I heard recently that the adoption of chip and PIN technologies for credit and debit cards can cut fraud losses by 60%. In Brazil, for example, almost 100% of cards have been converted to chip and PIN and counterfeit card fraud is practically nonexistent. The reduction of fraud can be attributed to embedded microchips in credit and debit cards. These chips significantly enhance fraud prevention over traditional magnetic stripe cards because the chips must match a customer’s PIN, otherwise the point-of-sale (POS) transaction is rejected. Known as EMV. (for Europay, MasterCard and Visa), this technology has been touted by analysts as the ultimate payment solution for almost two decades.

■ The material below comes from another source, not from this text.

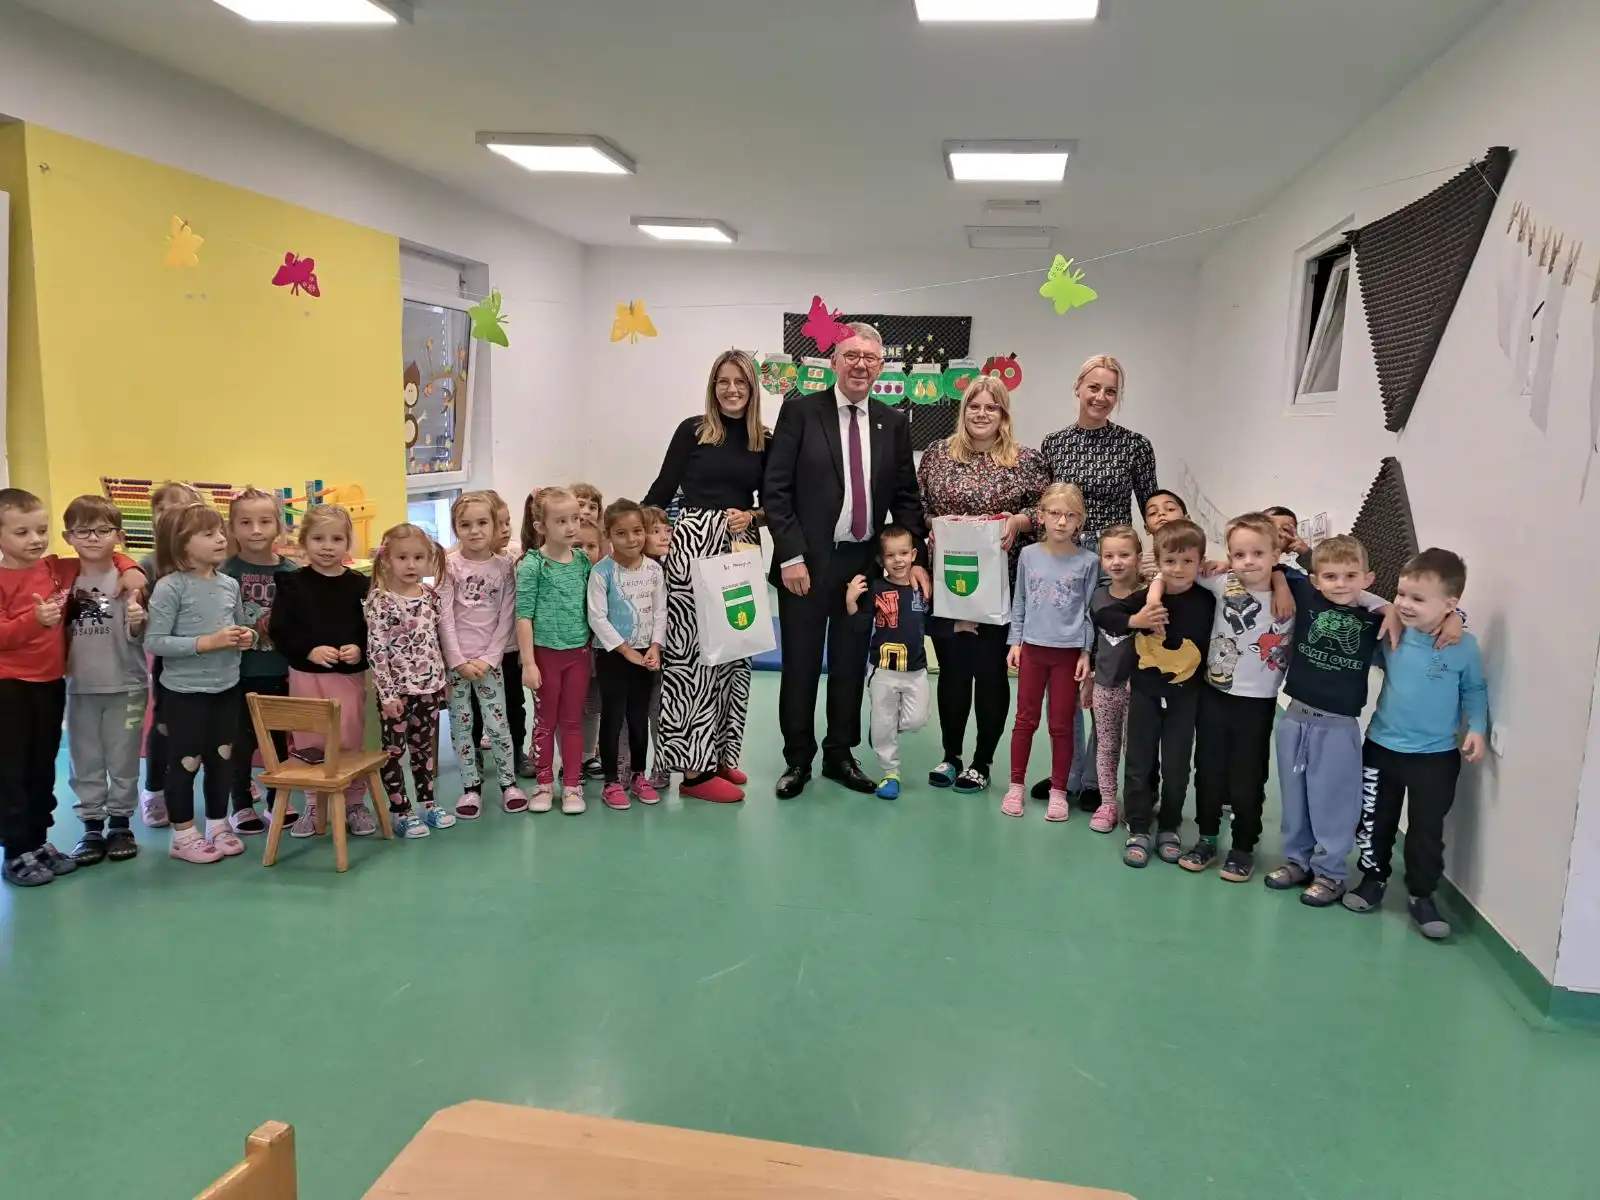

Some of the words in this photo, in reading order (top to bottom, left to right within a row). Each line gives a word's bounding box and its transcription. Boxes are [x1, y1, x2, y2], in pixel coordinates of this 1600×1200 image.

So what’s holding merchants back from embracing chip and PIN technology? Many merchants have been apprehensive to adopt EMV because of the cost attached to investing in the new card infrastructure. Javelin Strategy & Research estimates the cost of deployment for EMV in the U.S. at about $8.6 billion. POS terminals require additional features to read the card, and legacy back-office systems can be expensive to upgrade. While Europe was quick to embrace EMV technology because their telecommunications infrastructure didn’t provide for reliable magnetic strip transactions, the U.S. has been slower to make the investment to convert legacy infrastructure.
However, U.S. merchants’ resistance to chip and PIN technology may be ending. Recent escalations in card fraud have propelled Visa to implement a new migration plan to encourage U.S. merchants’ support of EMV. If merchants don’t adopt the new technology by October 2015, they risk absorbing the cost of all disputed credit card transactions they initiate. MasterCard has followed suit with a new roadmap for rolling out EMV in the U.S., a step that MasterCard believes will spur innovations in digital payments.
Further propelling chip and PIN adoption is the rise in mobile commerce. Most all EMV terminals also support Near Field Communications (NFC) transactions, essentially allowing consumers to use their NFC-enabled phones and devices as mobile wallets. NFC-enabled terminals saw a significant increase in sales in 2011, and 40,000 NFC-enabled terminals have been deployed since the onset of NFC technology. Some POS terminals not only support chip & PIN and NFC, but they also support magnetic stripe transactions.
These hybrid devices make it much more cost-effective for merchants to make the transition to newer technologies. ABI Research analyst John Devlin predicts the number of NFC handsets to increase from approximately 34 million this year to about 80 million next year. Furthermore, In-Stat, a global market intelligence firm, predicts there will be over 1 billion NFC-enabled mobile devices by 2015. With the introduction of Google’s Android mobile application, Google Wallet, on the Nexus S 4G phone, carriers such as AT&T and Verizon have jumped aboard the NFC bandwagon. They have created Isis, a virtual wallet and payment system set to launch in 2012, that will eliminate the need to carry “credit cards, debit cards, reward cards, coupons, tickets and transit passes.”
A recent Retail Touch Points piece mentions how, as of January 2012, Wal-Mart, with 10,130 stores and $443.9 billion in sales, is ready to embrace EMV. Wal-Mart has purchased EMV-enabled terminals for its 4,000+ U.S. stores. Wal-Mart considers EMV to be the most secure and convenient form of payment. It sees EMV implementation as an investment that will eventually eliminate many fraud-related costs, such as PCI compliance expenses. In fact, in a recent Smart Card Alliance forum, Jamie Henry, director of payment services for Wal-Mart, says the retailer is a “proponent” of EMV and is opposed to investing in end-to-end encryption and tokenization, which he believes is a “band-aid” solution.
The landscape of bank card fraud is certainly shifting, but it will take some time for EMV to be fully embraced by all card issuers and merchants. Although merchants have been apprehensive to adopt EMV payments, the recent adoption of NFC-enabled phones, retailers’ adoption of EMV terminals, Visa’s new migration plans and MasterCard’s roadmap are driving merchants to reconsider implementation and deployment of EMV for payments.
Robin Green leads FICO’s Global Retail and Consumer Branded Goods Industries, working the with world’s leading retail and consumer goods firms to drive greater precision analytics-driven marketing decisions. With over 20 years working to help some of the world’s largest brands deliver a customer-centric experience, he brings unique insight and practical advice to those looking to improve marketing performance and adopt analytic solutions.